__Material for this task__.
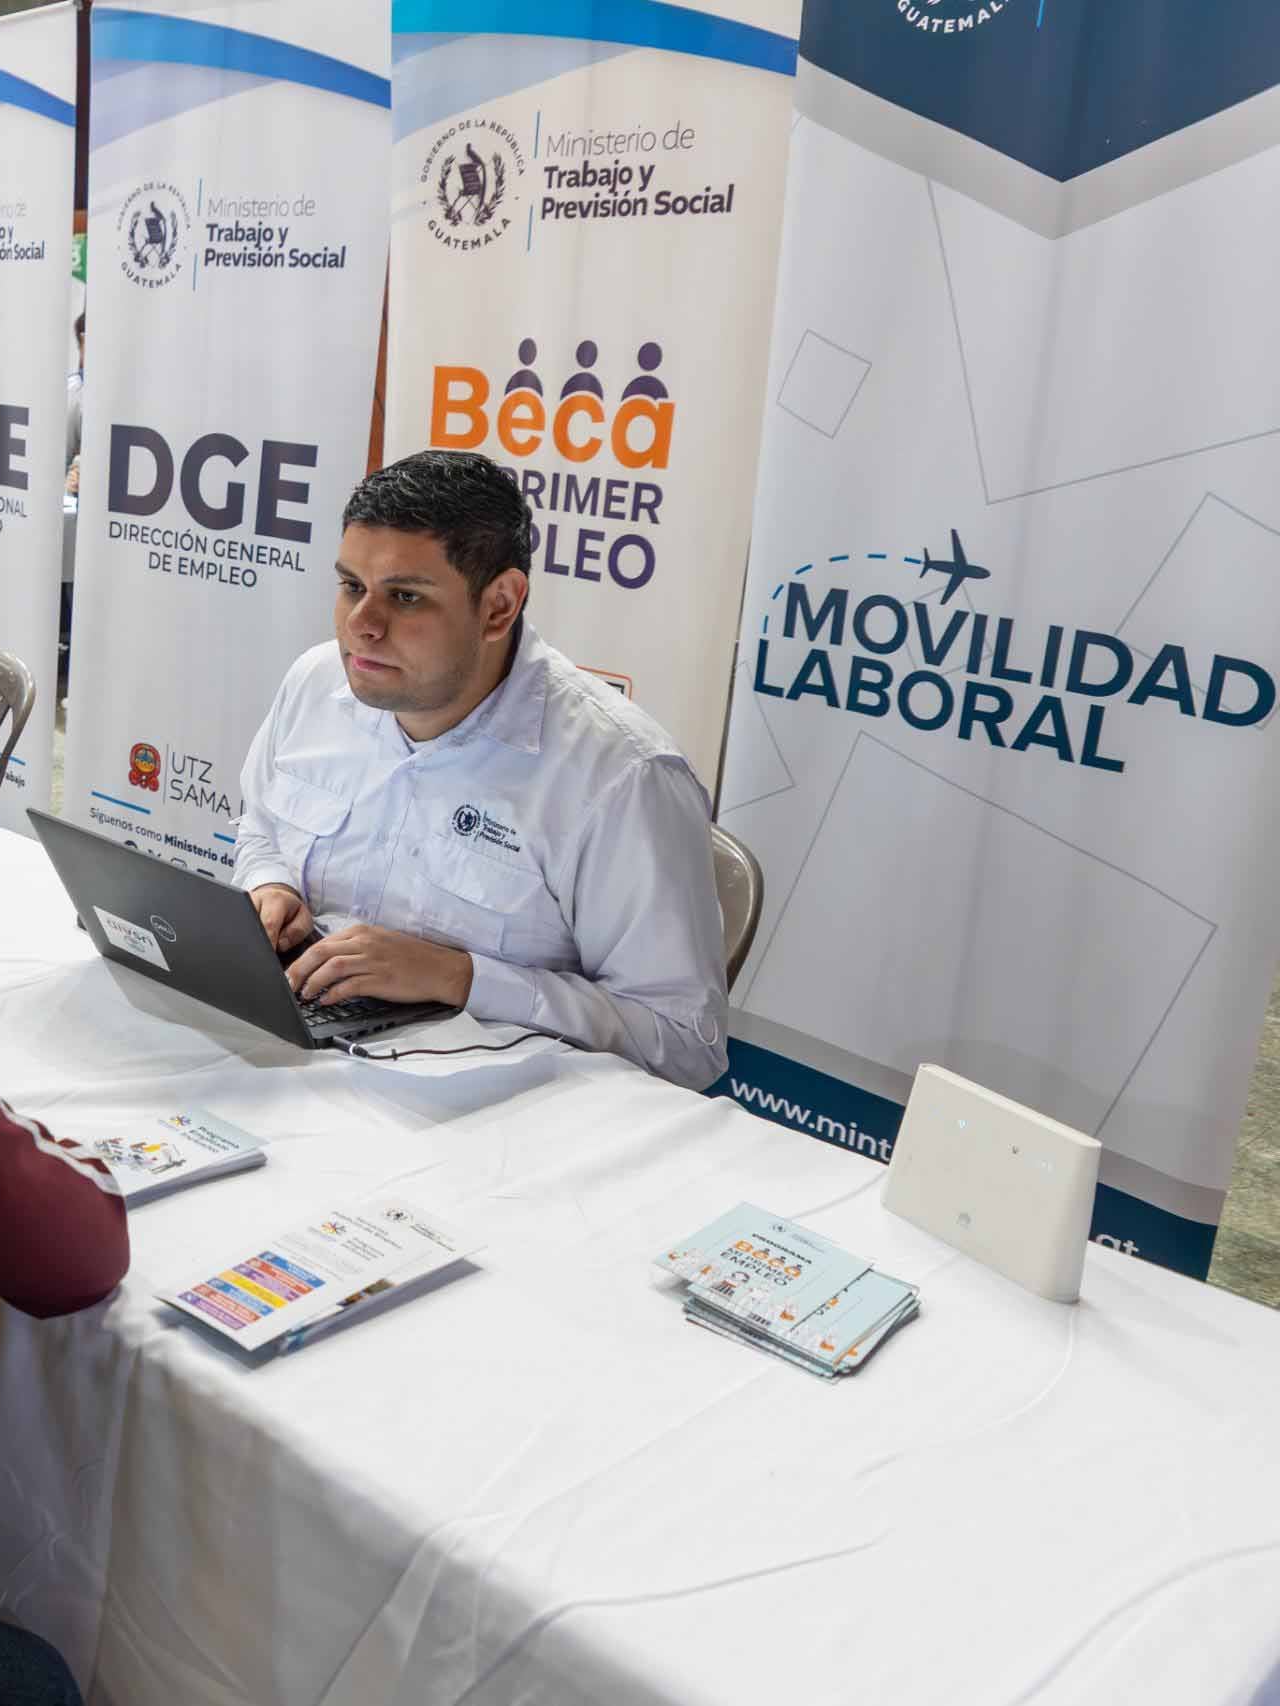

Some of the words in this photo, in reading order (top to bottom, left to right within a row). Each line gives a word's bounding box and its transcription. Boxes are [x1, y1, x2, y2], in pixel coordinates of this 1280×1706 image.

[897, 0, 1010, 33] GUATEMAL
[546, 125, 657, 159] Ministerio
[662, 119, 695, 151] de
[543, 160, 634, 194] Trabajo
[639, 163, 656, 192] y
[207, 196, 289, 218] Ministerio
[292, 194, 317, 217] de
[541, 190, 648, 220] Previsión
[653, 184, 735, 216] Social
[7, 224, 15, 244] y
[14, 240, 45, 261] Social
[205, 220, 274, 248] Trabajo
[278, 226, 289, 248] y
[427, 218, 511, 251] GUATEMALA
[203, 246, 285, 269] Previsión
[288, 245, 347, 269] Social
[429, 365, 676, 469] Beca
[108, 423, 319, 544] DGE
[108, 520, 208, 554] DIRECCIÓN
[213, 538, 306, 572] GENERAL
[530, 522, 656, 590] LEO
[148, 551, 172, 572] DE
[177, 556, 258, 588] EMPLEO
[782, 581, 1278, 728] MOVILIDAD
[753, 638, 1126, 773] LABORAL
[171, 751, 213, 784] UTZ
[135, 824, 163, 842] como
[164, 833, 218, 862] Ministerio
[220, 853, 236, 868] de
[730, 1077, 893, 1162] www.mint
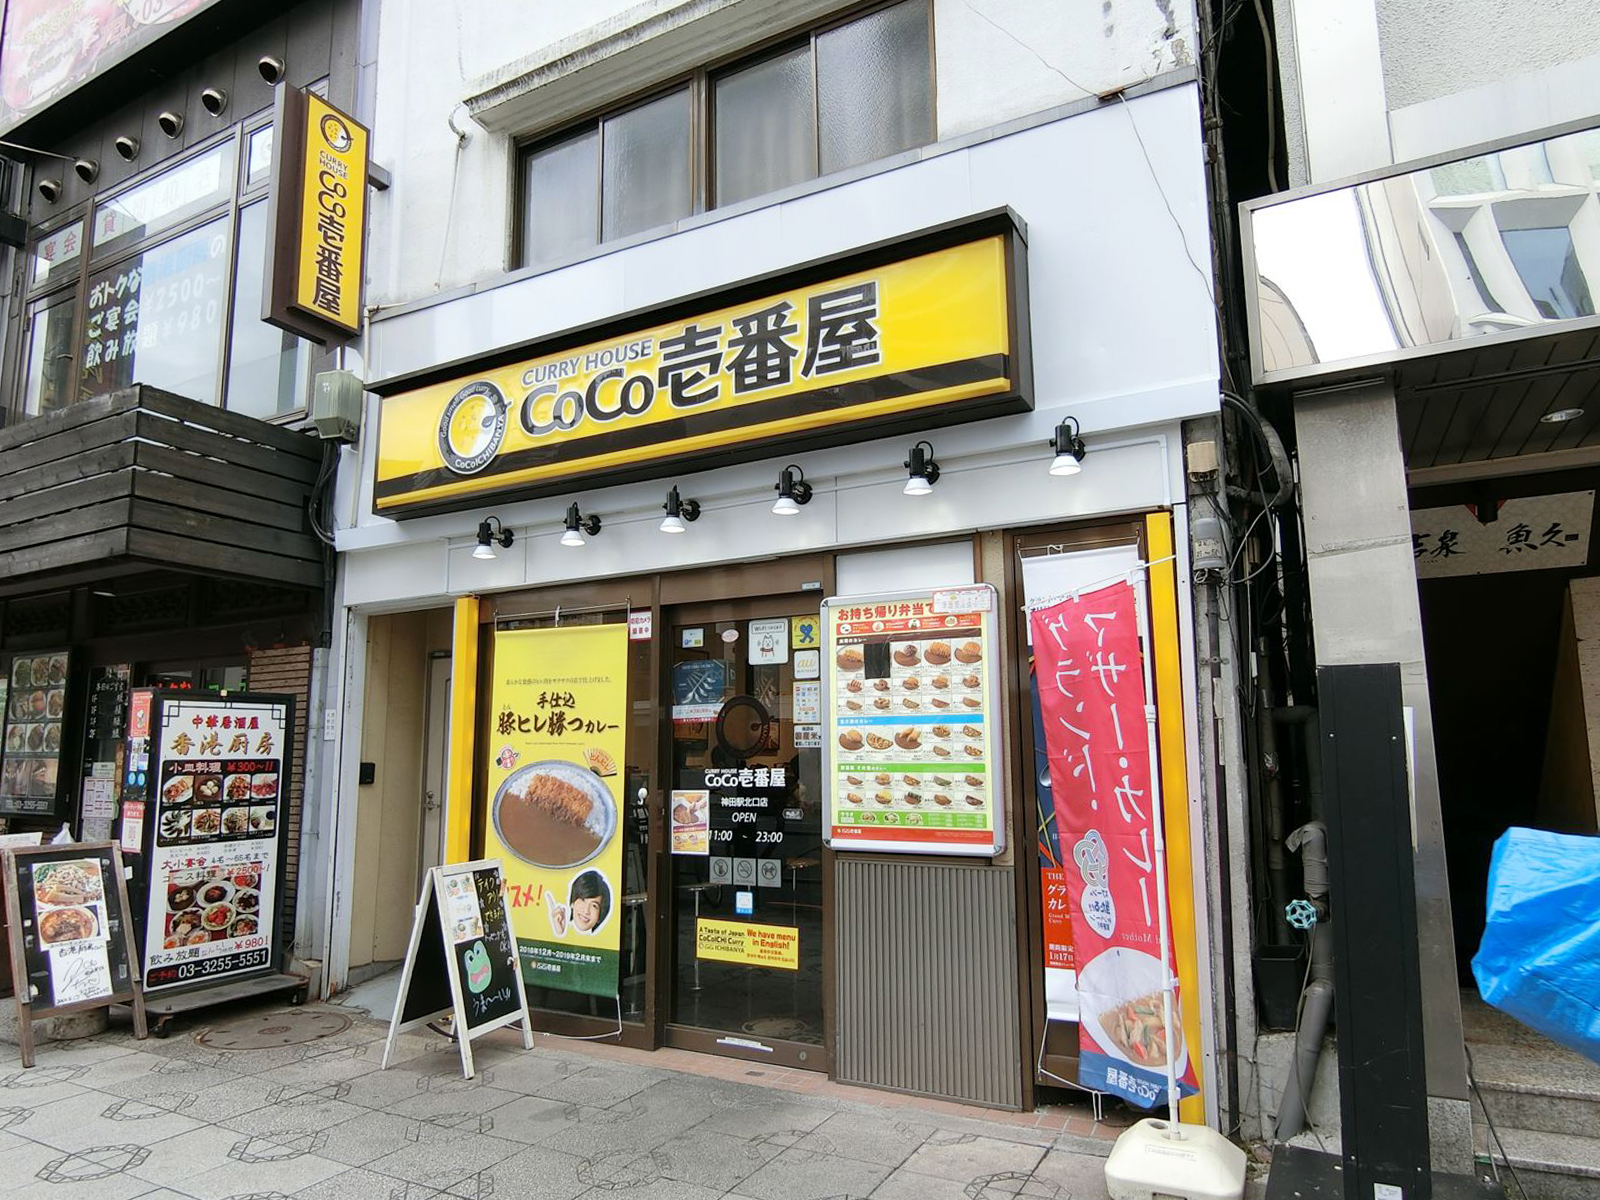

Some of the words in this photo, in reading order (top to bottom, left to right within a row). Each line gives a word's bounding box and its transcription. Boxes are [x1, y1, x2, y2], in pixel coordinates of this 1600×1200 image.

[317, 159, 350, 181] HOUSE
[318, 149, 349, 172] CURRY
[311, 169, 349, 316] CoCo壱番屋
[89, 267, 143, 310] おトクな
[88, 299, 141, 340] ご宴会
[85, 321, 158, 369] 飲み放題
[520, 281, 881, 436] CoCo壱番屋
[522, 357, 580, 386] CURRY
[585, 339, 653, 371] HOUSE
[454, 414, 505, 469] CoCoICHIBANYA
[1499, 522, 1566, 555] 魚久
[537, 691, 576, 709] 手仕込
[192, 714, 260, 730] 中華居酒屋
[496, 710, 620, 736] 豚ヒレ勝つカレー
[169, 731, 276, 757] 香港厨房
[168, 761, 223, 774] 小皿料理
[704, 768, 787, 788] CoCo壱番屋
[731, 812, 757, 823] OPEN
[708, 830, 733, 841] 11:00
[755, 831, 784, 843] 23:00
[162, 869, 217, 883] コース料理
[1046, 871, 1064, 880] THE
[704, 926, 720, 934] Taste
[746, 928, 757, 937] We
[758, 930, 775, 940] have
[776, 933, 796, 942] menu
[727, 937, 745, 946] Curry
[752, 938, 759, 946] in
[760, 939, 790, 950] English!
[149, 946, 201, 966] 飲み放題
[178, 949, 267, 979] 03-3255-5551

__Assignment__.
Leave out the pictures, and give all the records again exactly.

__Exercise output__.
Some of the words in this photo, in reading order (top to bottom, left to right within a row). Each line gives a word's bounding box and its transcription. Boxes are [x1, y1, x2, y2], in pixel coordinates of this 1280×1706 image.

[897, 0, 1010, 33] GUATEMAL
[546, 125, 657, 159] Ministerio
[662, 119, 695, 151] de
[543, 160, 634, 194] Trabajo
[639, 163, 656, 192] y
[207, 196, 289, 218] Ministerio
[292, 194, 317, 217] de
[541, 190, 648, 220] Previsión
[653, 184, 735, 216] Social
[7, 224, 15, 244] y
[14, 240, 45, 261] Social
[205, 220, 274, 248] Trabajo
[278, 226, 289, 248] y
[427, 218, 511, 251] GUATEMALA
[203, 246, 285, 269] Previsión
[288, 245, 347, 269] Social
[429, 365, 676, 469] Beca
[108, 423, 319, 544] DGE
[108, 520, 208, 554] DIRECCIÓN
[213, 538, 306, 572] GENERAL
[530, 522, 656, 590] LEO
[148, 551, 172, 572] DE
[177, 556, 258, 588] EMPLEO
[782, 581, 1278, 728] MOVILIDAD
[753, 638, 1126, 773] LABORAL
[171, 751, 213, 784] UTZ
[135, 824, 163, 842] como
[164, 833, 218, 862] Ministerio
[220, 853, 236, 868] de
[730, 1077, 893, 1162] www.mint

Some of the words in this photo, in reading order (top to bottom, left to right within a row). Each line gives a word's bounding box and its transcription. Boxes are [x1, y1, x2, y2], in pixel coordinates of this 1600×1200 image.

[317, 159, 350, 181] HOUSE
[318, 149, 349, 172] CURRY
[311, 169, 349, 316] CoCo壱番屋
[89, 267, 143, 310] おトクな
[88, 299, 141, 340] ご宴会
[85, 321, 158, 369] 飲み放題
[520, 281, 881, 436] CoCo壱番屋
[522, 357, 580, 386] CURRY
[585, 339, 653, 371] HOUSE
[454, 414, 505, 469] CoCoICHIBANYA
[1499, 522, 1566, 555] 魚久
[537, 691, 576, 709] 手仕込
[192, 714, 260, 730] 中華居酒屋
[496, 710, 620, 736] 豚ヒレ勝つカレー
[169, 731, 276, 757] 香港厨房
[168, 761, 223, 774] 小皿料理
[704, 768, 787, 788] CoCo壱番屋
[731, 812, 757, 823] OPEN
[708, 830, 733, 841] 11:00
[755, 831, 784, 843] 23:00
[162, 869, 217, 883] コース料理
[1046, 871, 1064, 880] THE
[704, 926, 720, 934] Taste
[746, 928, 757, 937] We
[758, 930, 775, 940] have
[776, 933, 796, 942] menu
[727, 937, 745, 946] Curry
[752, 938, 759, 946] in
[760, 939, 790, 950] English!
[149, 946, 201, 966] 飲み放題
[178, 949, 267, 979] 03-3255-5551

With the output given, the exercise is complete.